### Problem to solve
What is needed is an exact repeat of the entries, with no pictures in it.

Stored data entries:
* * * *
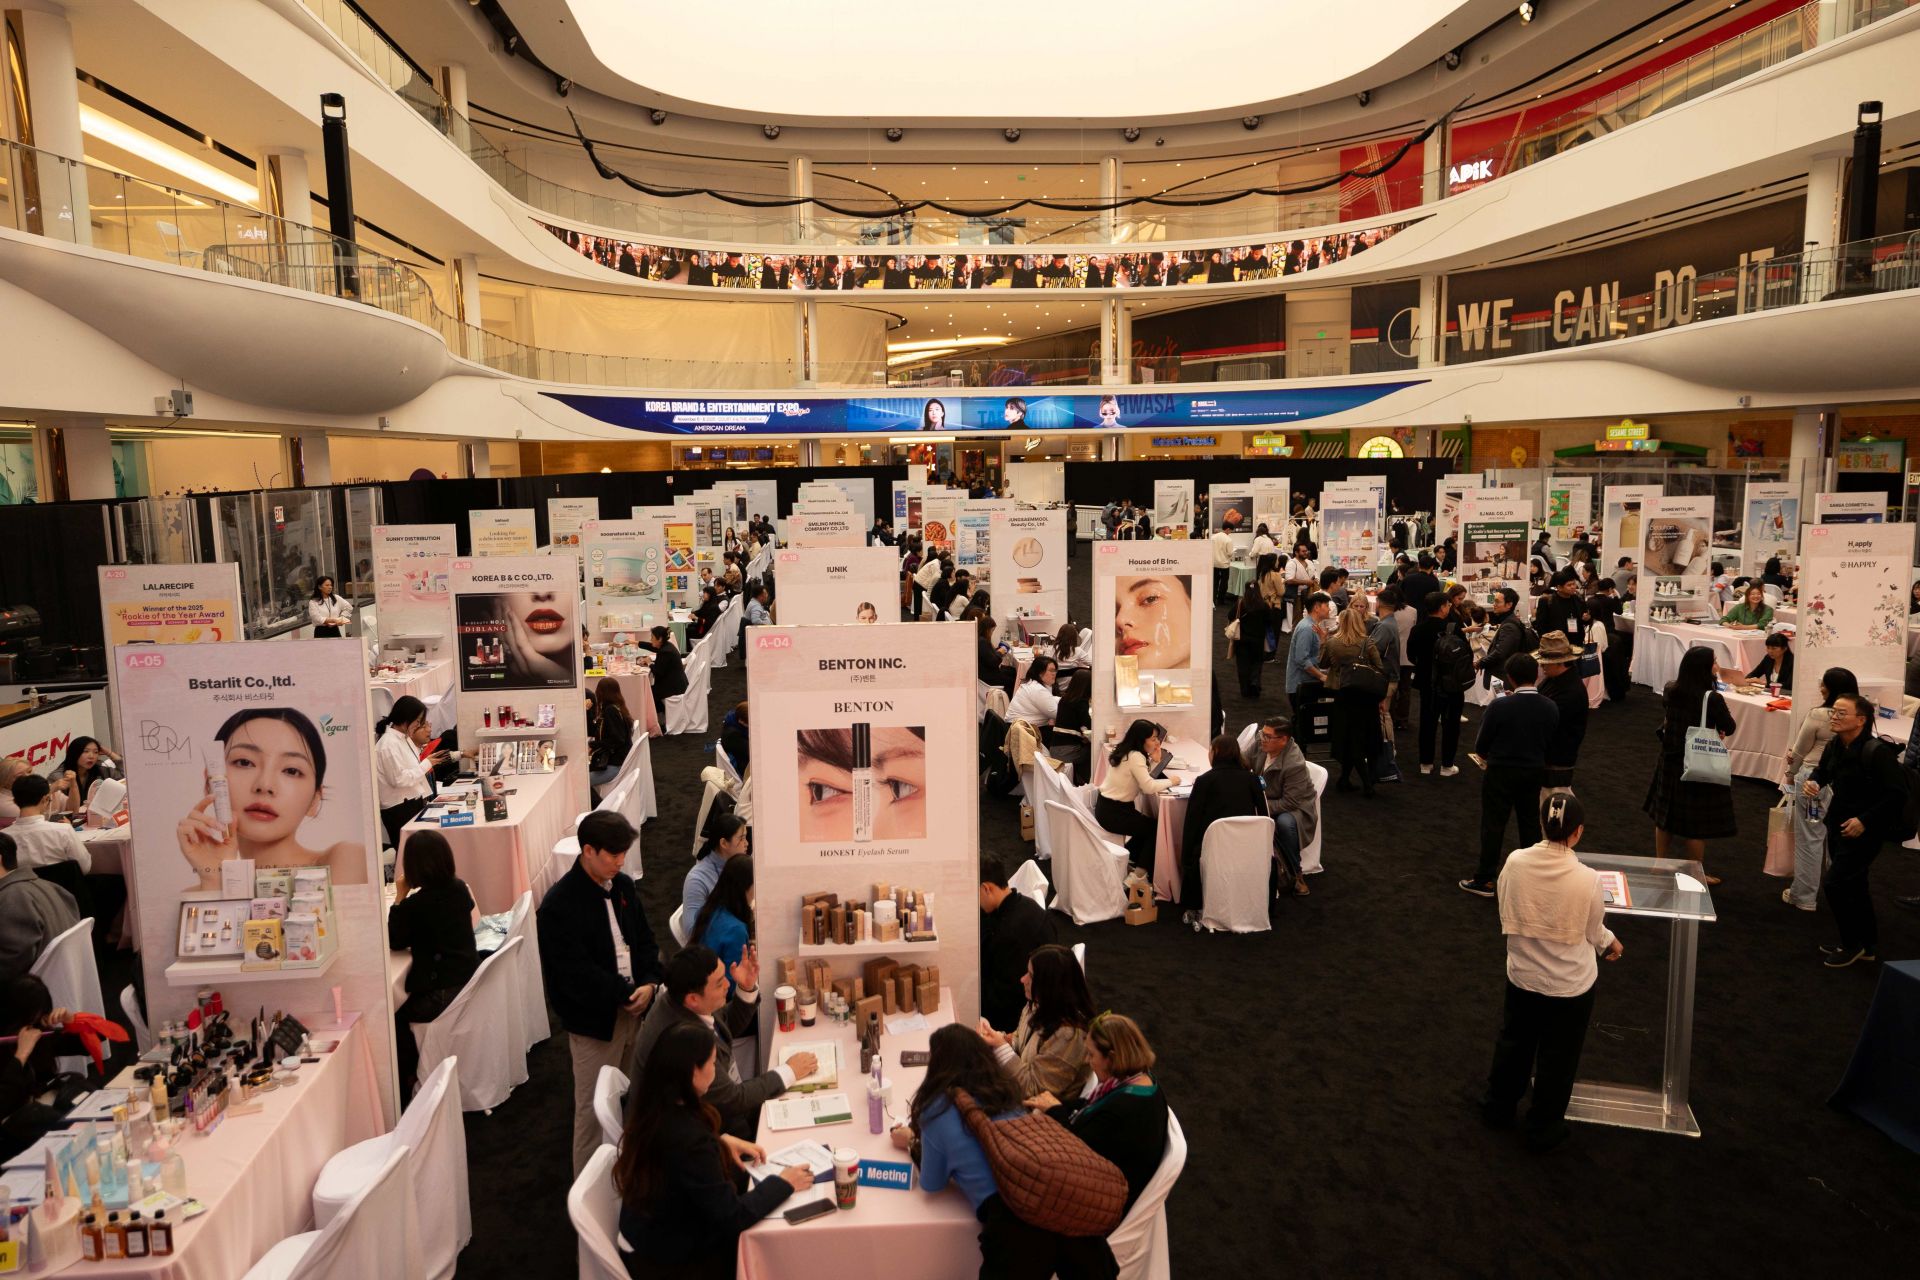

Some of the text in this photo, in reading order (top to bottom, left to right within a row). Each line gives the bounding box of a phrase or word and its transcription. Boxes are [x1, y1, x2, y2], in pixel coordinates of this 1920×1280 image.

[1458, 247, 1775, 351] WE CAN DO IT
[645, 401, 799, 413] KOREA BRAND & ENTERTAINMENT EXPO
[1118, 395, 1176, 415] HWASA
[1128, 558, 1151, 566] House
[1152, 558, 1160, 566] of
[472, 574, 499, 582] KOREA
[522, 573, 554, 582] CO.,LTD.
[143, 583, 195, 591] LALARECIPE
[123, 613, 150, 621] Rookie
[152, 612, 160, 620] of
[179, 611, 197, 619] Year
[200, 610, 226, 618] Award
[760, 638, 789, 648] A-04
[129, 655, 162, 667] A-05
[819, 657, 906, 671] BENTON INC.
[189, 675, 296, 690] Bstarlit Co.,ltd.
[212, 693, 243, 703] 주식회사
[833, 700, 894, 714] BENTON
[5, 732, 71, 768] CM
[820, 846, 909, 858] HONEST Eyelash Serum
[867, 1167, 908, 1183] Meeting
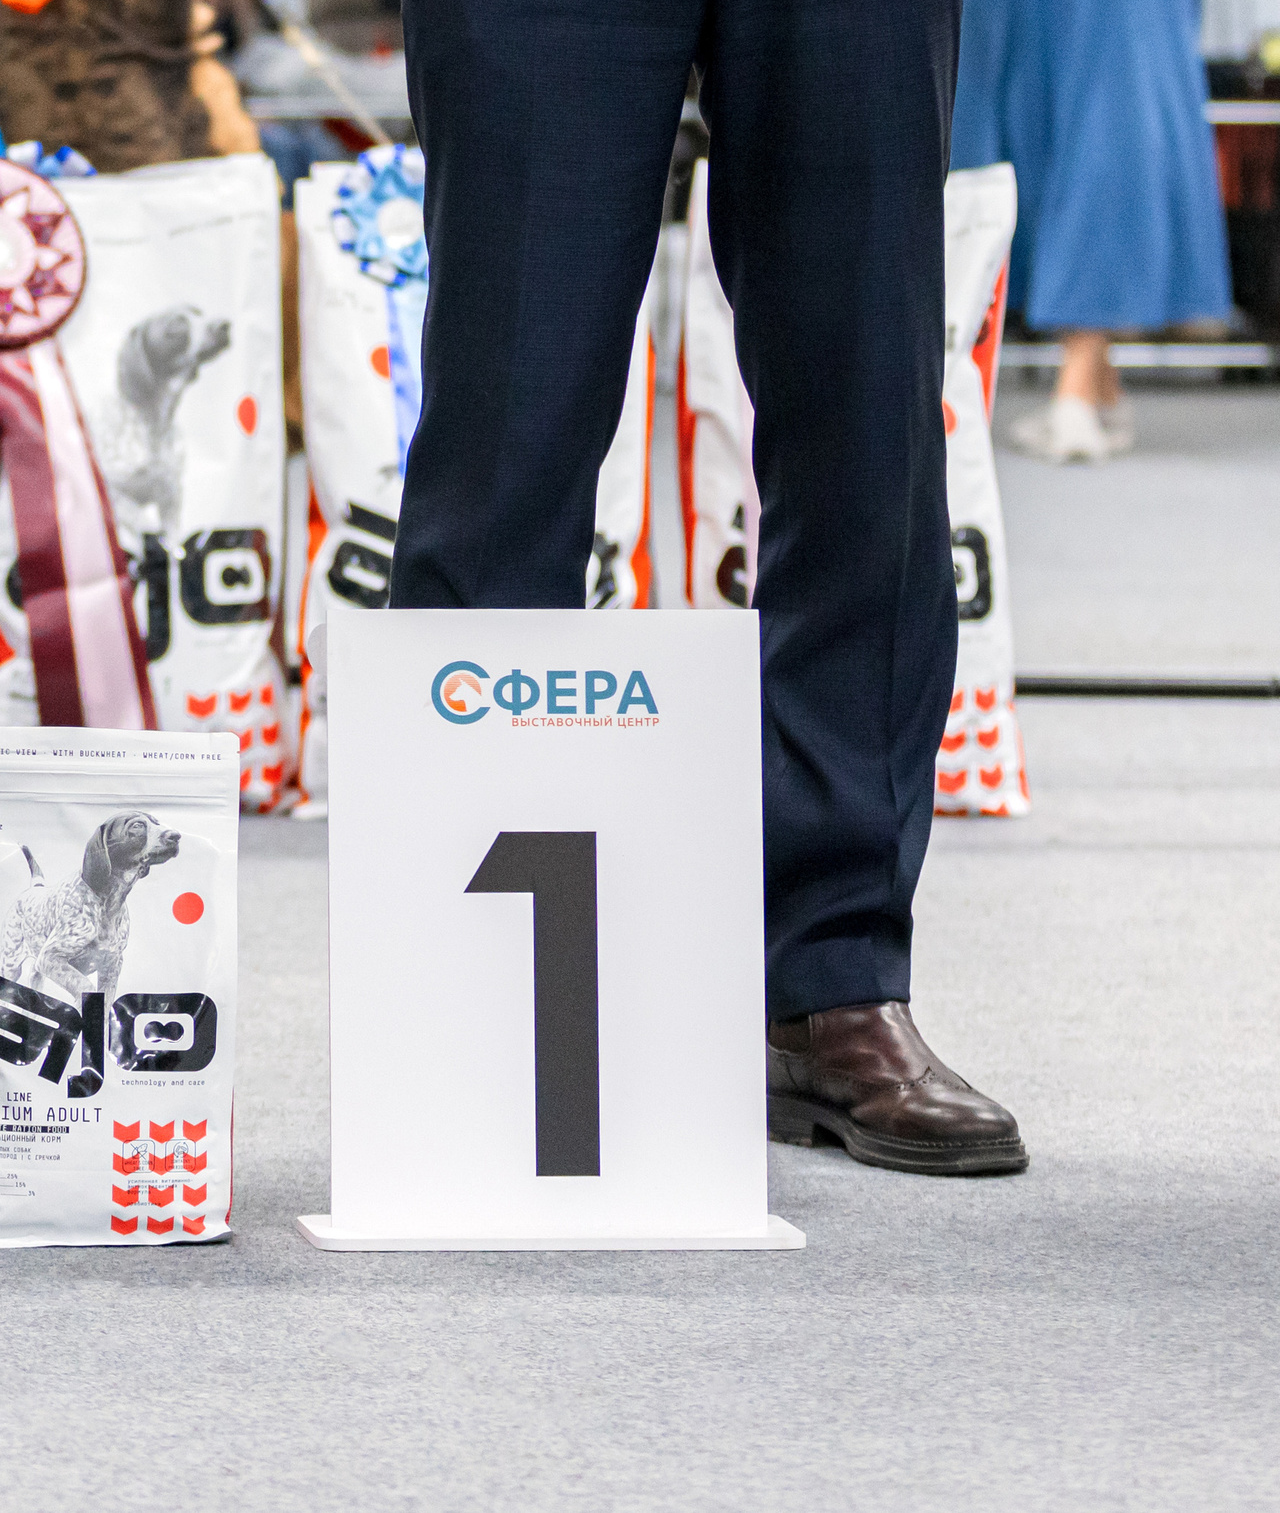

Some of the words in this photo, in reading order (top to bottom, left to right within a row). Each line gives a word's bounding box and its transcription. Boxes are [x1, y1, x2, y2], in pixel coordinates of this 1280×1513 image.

[431, 660, 660, 726] СФЕРА
[511, 715, 613, 728] ВЫСТАВОЧНЫЙ
[618, 717, 661, 729] ЦЕНТР
[52, 749, 75, 757] WITH
[79, 749, 127, 758] BUCKWHEAT
[142, 751, 196, 761] WHEAT/CORN
[201, 753, 222, 761] FREE
[463, 831, 601, 1177] 1
[121, 1078, 167, 1088] technology
[6, 1092, 33, 1102] LINE
[46, 1107, 103, 1123] ADULT
[12, 1125, 43, 1133] RATION
[47, 1126, 68, 1134] FOOD
[41, 1135, 62, 1143] КОРМ
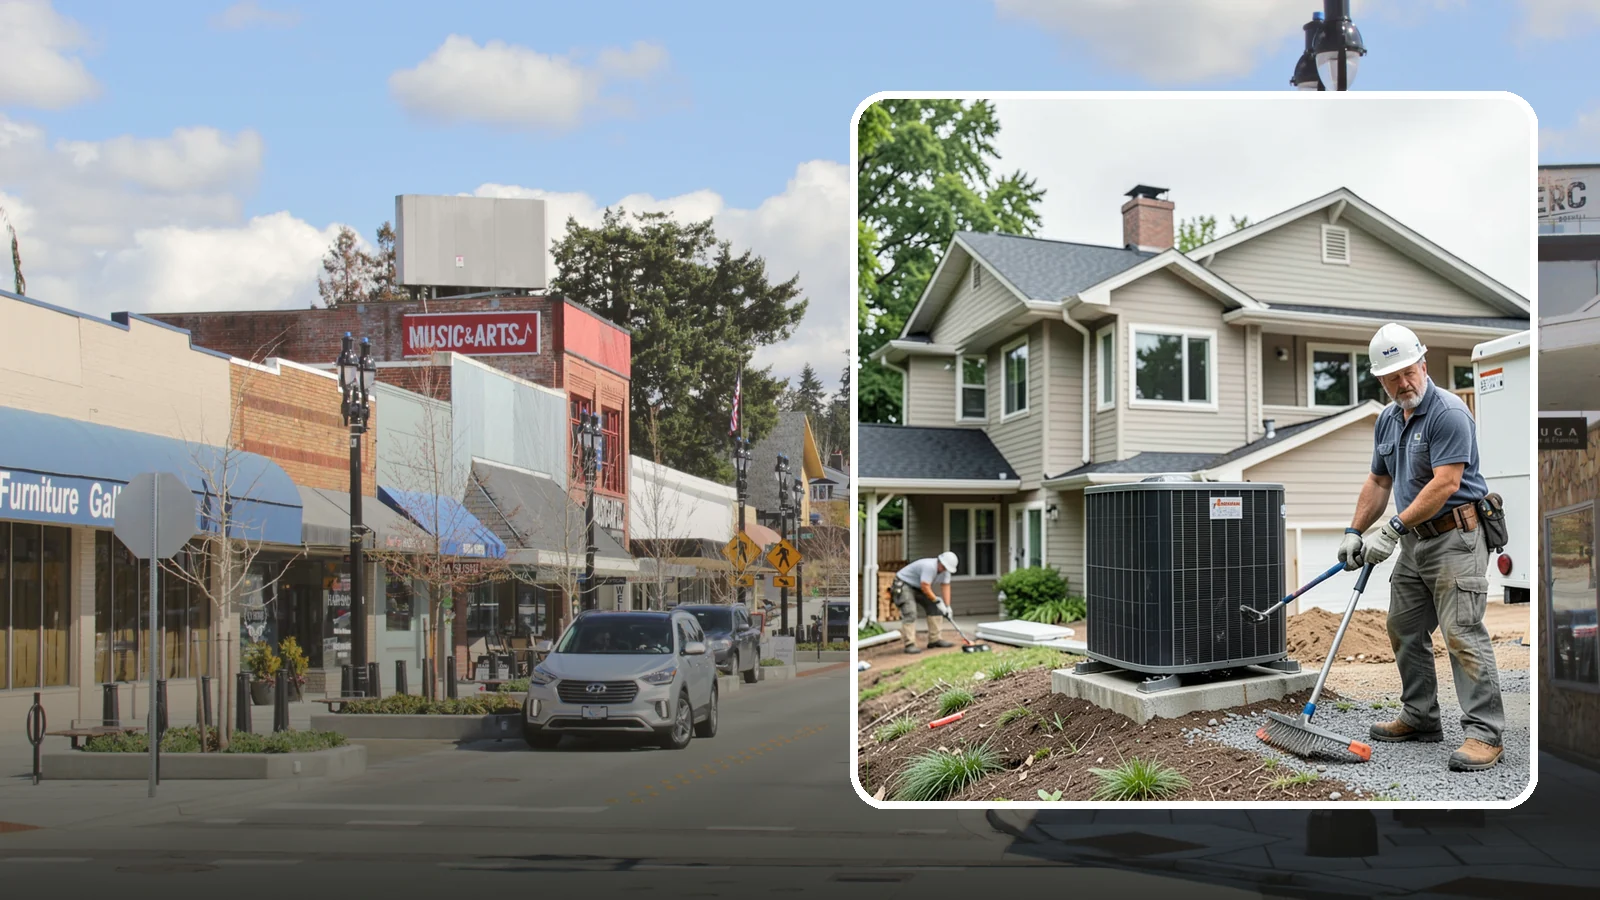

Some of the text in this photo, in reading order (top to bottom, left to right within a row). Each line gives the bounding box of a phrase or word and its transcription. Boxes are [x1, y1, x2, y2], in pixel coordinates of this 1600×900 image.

[409, 323, 519, 349] MUSIC&ARTS
[0, 471, 122, 519] Furniture Gal
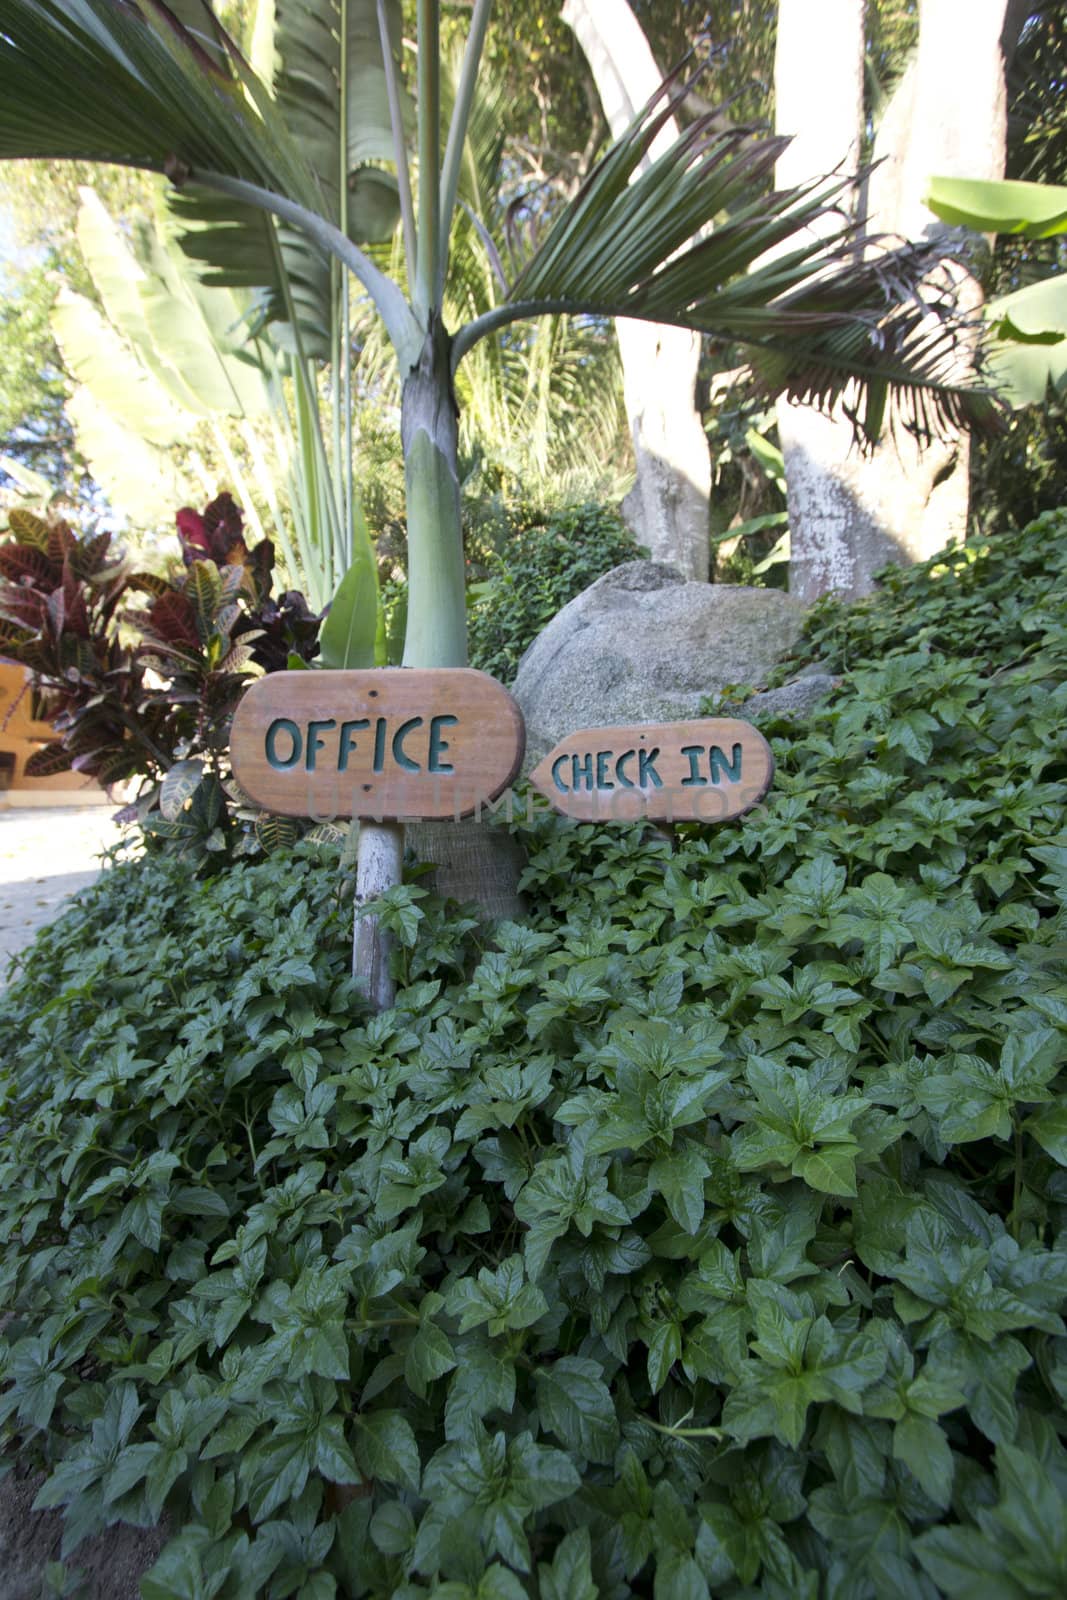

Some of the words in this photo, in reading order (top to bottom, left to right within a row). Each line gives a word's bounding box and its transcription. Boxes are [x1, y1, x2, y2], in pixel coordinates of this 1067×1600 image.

[264, 714, 459, 774] OFFICE
[551, 747, 664, 792] CHECK
[680, 742, 743, 786] IN
* * * *
### Solution to the problem
Some of the text in this photo, in reading order (top to bottom, left to right within a row). Each line gives the bounding box of a phrase or word and its transcription. Boxes are [x1, y1, x2, y2], in pixel coordinates of this 1920×1280 image.

[1458, 247, 1775, 351] WE CAN DO IT
[645, 401, 799, 413] KOREA BRAND & ENTERTAINMENT EXPO
[1118, 395, 1176, 415] HWASA
[1128, 558, 1151, 566] House
[1152, 558, 1160, 566] of
[472, 574, 499, 582] KOREA
[522, 573, 554, 582] CO.,LTD.
[143, 583, 195, 591] LALARECIPE
[123, 613, 150, 621] Rookie
[152, 612, 160, 620] of
[179, 611, 197, 619] Year
[200, 610, 226, 618] Award
[760, 638, 789, 648] A-04
[129, 655, 162, 667] A-05
[819, 657, 906, 671] BENTON INC.
[189, 675, 296, 690] Bstarlit Co.,ltd.
[212, 693, 243, 703] 주식회사
[833, 700, 894, 714] BENTON
[5, 732, 71, 768] CM
[820, 846, 909, 858] HONEST Eyelash Serum
[867, 1167, 908, 1183] Meeting

Some of the words in this photo, in reading order (top to bottom, left to right within a row). Each line gives a word's bounding box and its transcription. Boxes are [x1, y1, x2, y2], in pixel coordinates of this 1280×1513 image.

[431, 660, 660, 726] СФЕРА
[511, 715, 613, 728] ВЫСТАВОЧНЫЙ
[618, 717, 661, 729] ЦЕНТР
[52, 749, 75, 757] WITH
[79, 749, 127, 758] BUCKWHEAT
[142, 751, 196, 761] WHEAT/CORN
[201, 753, 222, 761] FREE
[463, 831, 601, 1177] 1
[121, 1078, 167, 1088] technology
[6, 1092, 33, 1102] LINE
[46, 1107, 103, 1123] ADULT
[12, 1125, 43, 1133] RATION
[47, 1126, 68, 1134] FOOD
[41, 1135, 62, 1143] КОРМ

Some of the text in this photo, in reading order (top to bottom, left to right within a row). Each line gives the bounding box of a phrase or word and its transcription. Boxes are [x1, y1, x2, y2], in pixel coordinates of this 1600×900 image.

[409, 323, 519, 349] MUSIC&ARTS
[0, 471, 122, 519] Furniture Gal

Some of the words in this photo, in reading order (top to bottom, left to right within a row). Each line gives a word's bounding box and its transcription. Boxes are [x1, y1, x2, y2], in pixel coordinates of this 1067×1600 image.

[264, 714, 459, 774] OFFICE
[551, 747, 664, 792] CHECK
[680, 742, 743, 786] IN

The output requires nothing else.